Amelia Levene llevaba más de diez años comprando medias y comida para llevar en ese Marks & Spencer. Conocía la distribución del local y sabía que el CUCO encontraría la salida del aparcamiento y desaparecería en cuestión de minutos si no lo encontraban pronto. Por eso había enviado a Aldrich a la parte de atrás mientras Kevin Vigors, que había dejado el coche en la plaza del mercado, vigilaba la entrada principal de New Canal.

Kell y Amelia habían aparcado junto al taxi de Harold y trataban de contactar con Aldrich por radio. Vigors, veinte metros calle abajo, ya se había sentado en una parada de autobuses y, a ojos de cualquiera, esperaba en el mismo asiento y a la misma hora que todos los días de la semana. Entretanto, Kell había llamado a Elsa y le había dicho que se dirigiese a Charles de Gaulle en el primer vuelo disponible. Estaba apostando a que la reunión tendría lugar en París y sabía que el CUCO debía estar allí antes de medianoche.
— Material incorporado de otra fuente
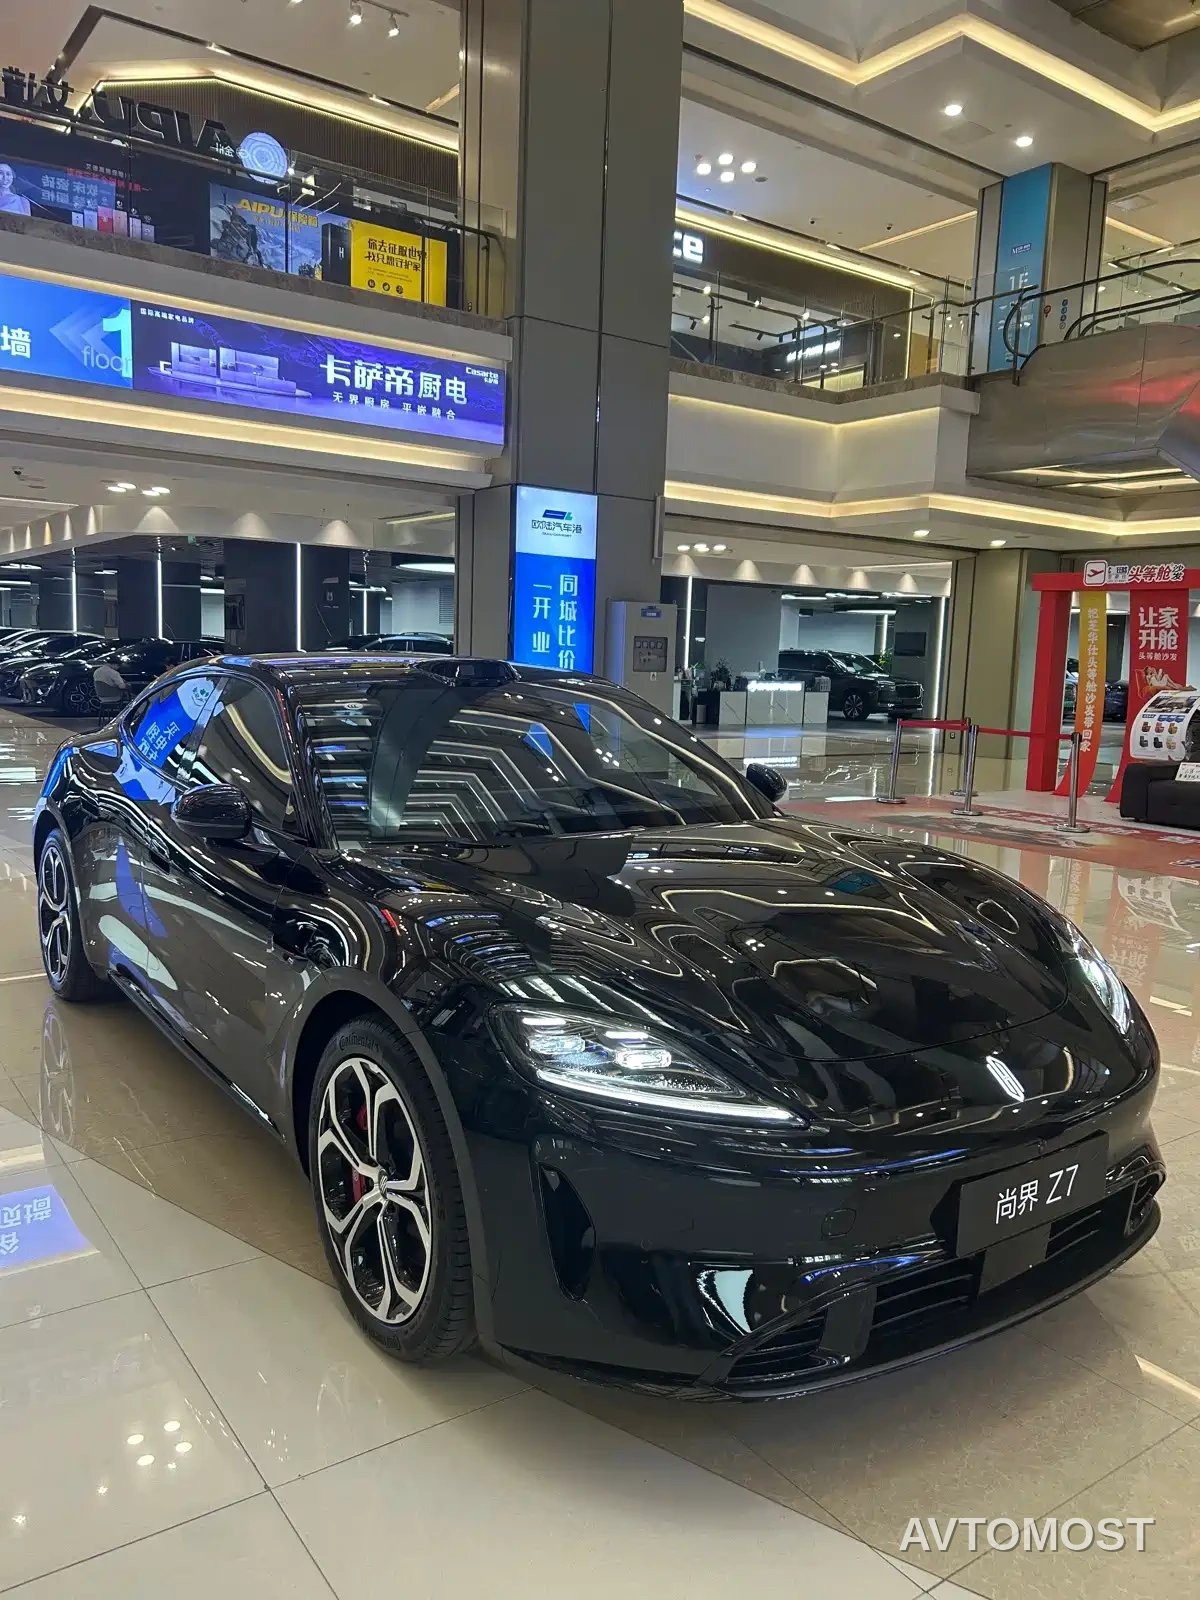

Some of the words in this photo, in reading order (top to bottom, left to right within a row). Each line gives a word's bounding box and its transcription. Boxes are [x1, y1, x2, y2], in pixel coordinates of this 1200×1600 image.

[238, 198, 284, 219] AIPU
[0, 325, 31, 359] 墙
[465, 366, 499, 380] Casarte
[332, 391, 391, 411] 无界厨房
[402, 402, 456, 421] 平嵌融合
[531, 519, 582, 534] 欧陆汽车港
[1129, 564, 1171, 583] 头等舱
[558, 574, 578, 670] 同城比价
[1138, 606, 1179, 628] 让家
[1138, 629, 1178, 650] 升舱
[1138, 652, 1178, 661] 头等舱沙发
[995, 1179, 1039, 1225] 尚界
[1045, 1163, 1079, 1205] Z7
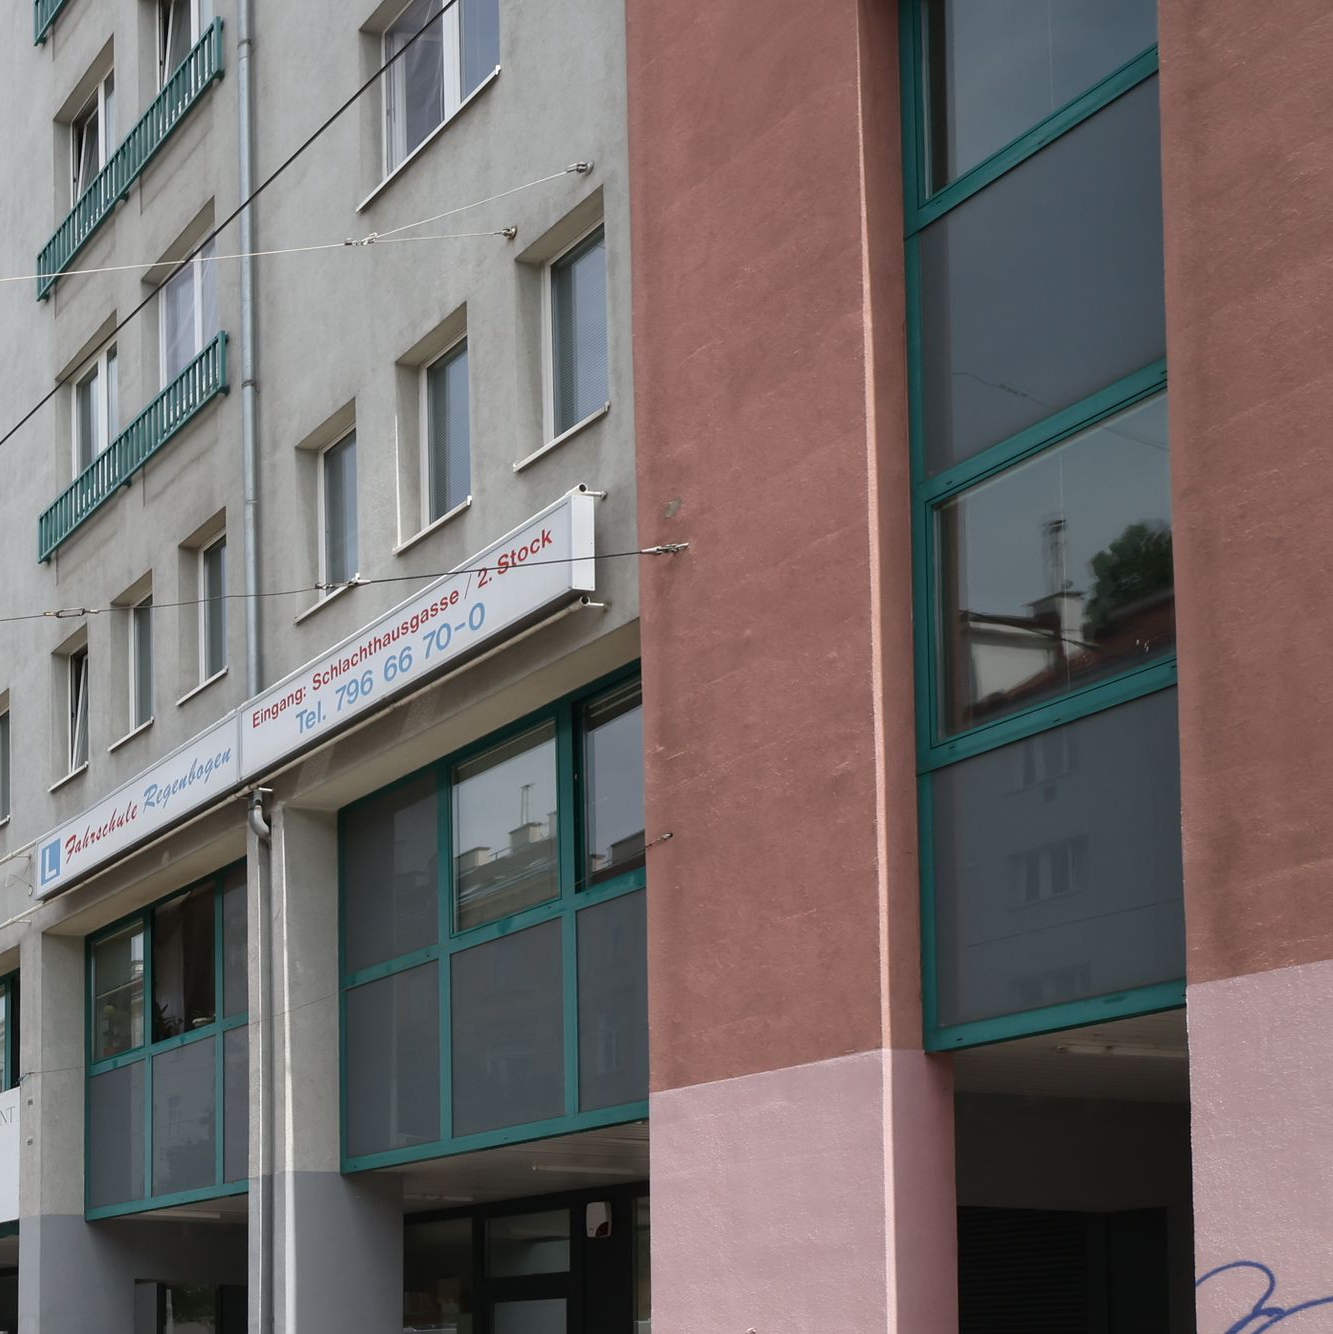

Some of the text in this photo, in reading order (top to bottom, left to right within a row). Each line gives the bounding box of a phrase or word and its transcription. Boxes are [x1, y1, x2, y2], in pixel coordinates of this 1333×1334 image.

[252, 686, 307, 729] Eingang:
[312, 588, 460, 691] Schlachthausgasse
[477, 567, 493, 589] 2.
[497, 528, 553, 575] Stock
[295, 602, 486, 735] Tel. 796 66 70-0
[45, 748, 231, 878] L Fahrschule Regenbogen
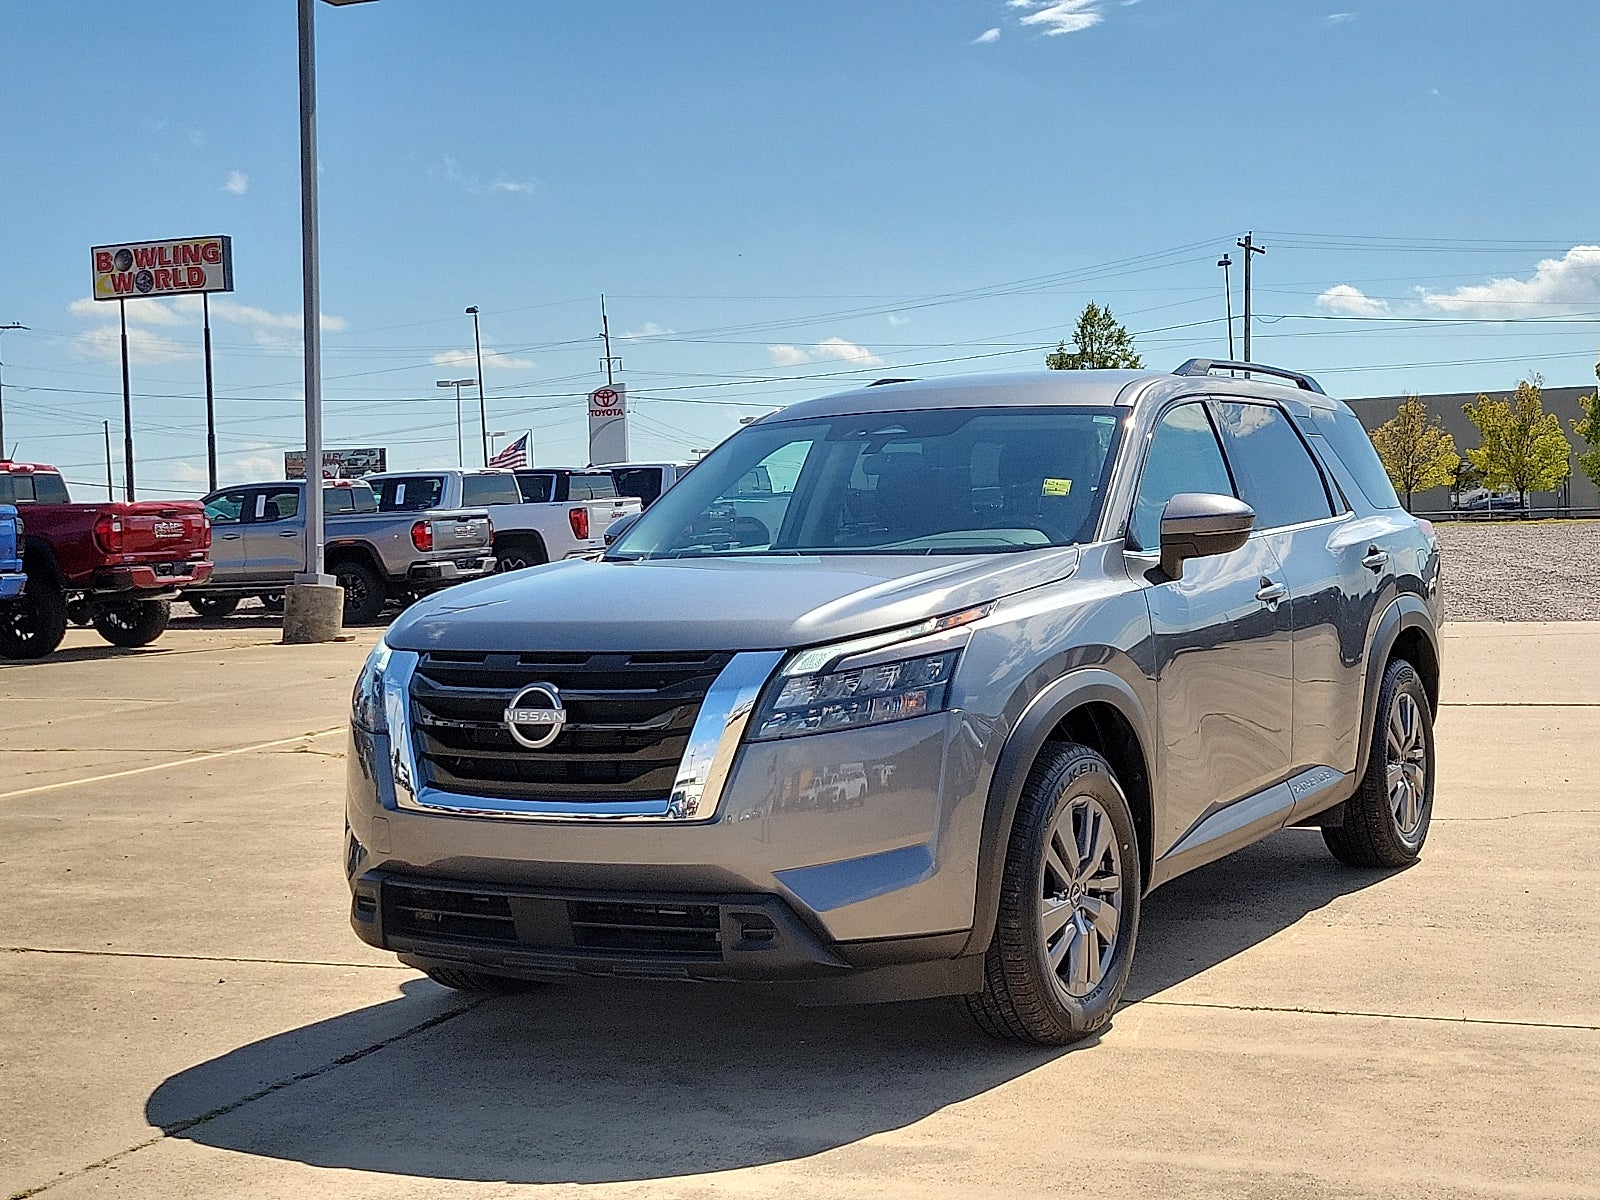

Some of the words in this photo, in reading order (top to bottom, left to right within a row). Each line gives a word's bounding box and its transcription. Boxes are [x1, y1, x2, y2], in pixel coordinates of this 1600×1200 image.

[96, 243, 220, 273] BOWLING
[111, 267, 206, 294] WORLD
[590, 409, 624, 417] TOYOTA
[505, 711, 564, 721] NISSAN
No tenía sentido que Elsa mantuviera el seguimiento del correo electrónico y de las líneas de móvil cuando los franceses sabían que los habían descubierto. Lo mejor era que fuese a Francia; allí estaría en situación de seguir al CUCO desde el aeropuerto o desde la Gare du Nord.

Pasaron seis minutos sin ningún aviso por parte de Aldrich y ni rastro del CUCO. Amelia ordenó a Vigors que entrase en la tienda. Segundos después, el móvil de Kell vibró en el asiento del copiloto. Amelia leyó el nombre que salía en la pantalla.

—Es Danny —anunció, y puso el manos libres.

—Lo veo. El CUCO acaba de salir por detrás, está pasando por HMV. Todo está cerrado, casi no hay gente.

La comunicación se interrumpió durante unos segundos, como si Aldrich hubiera escondido el teléfono.

—Lleva un bolso. Lo habéis visto, ¿no?

—No hemos visto nada —contestó Amelia—. Habrá comprado ropa nueva. Pensará que le hemos puesto un micrófono en la que llevaba.

—Y con razón. —Aldrich soltó una tos de fumador—. Un momento. Acaba de entrar en una cafetería: The Boston Tea Party. ¿Podéis enviar a Kev a la puerta? Delante hay un Woolworth’s cerrado y, en la esquina de mi derecha, una librería Waterstones. Voy a ir a la parte de atrás para asegurarme de que no haya salida.

En menos de dos minutos, Vigors había dejado la parada de autobuses, había corrido trescientos metros por New Canal y había doblado la esquina al llegar a la librería. Aldrich lo vio, inclinó la cabeza y confirmó a Kell por teléfono que no había salida trasera. Vigors se sentó en un banco, al lado de un adolescente que devoraba la típica hamburguesa matutina que rezumaba cebolla frita. Avistaron al CUCO saliendo del local vestido con un polo rojo, chaqueta de cuadros, náuticos azules y vaqueros.

—Vaya, vaya, vaya —murmuró Aldrich al teléfono—. Si alguien quiere una chupa vieja de cuero de cuatrocientas libras, parece que el CUCO ha dejado la suya en el baño de caballeros.

—¿Se ha cambiado de ropa? —preguntó Amelia.

—Tal como tú has dicho.

Aldrich intercambió una mirada con Vigors y echó a caminar tras el objetivo. Un hombre por un lado de la calle y el otro por el opuesto.

—Creo que ese estilo no le favorece. Confirmación: Kev y yo vamos tras el objetivo.

—Id con cuidado —les advirtió Kell—. Aprovechará los escaparates, se detendrá y dejará que lo adelantéis. Id de uno en uno y mantened la distancia.

—Ni que fuera la primera vez que lo hacemos —contestó Aldrich, pero sin resquemor.

—Lo más probable es que busque un taxi —añadió Amelia, y miró a Kell a los ojos—. Pase lo que pase, no lo perdáis, chicos. Sin la chaqueta, no podemos localizarlo. Si Vincent desaparece, todo desaparece con él.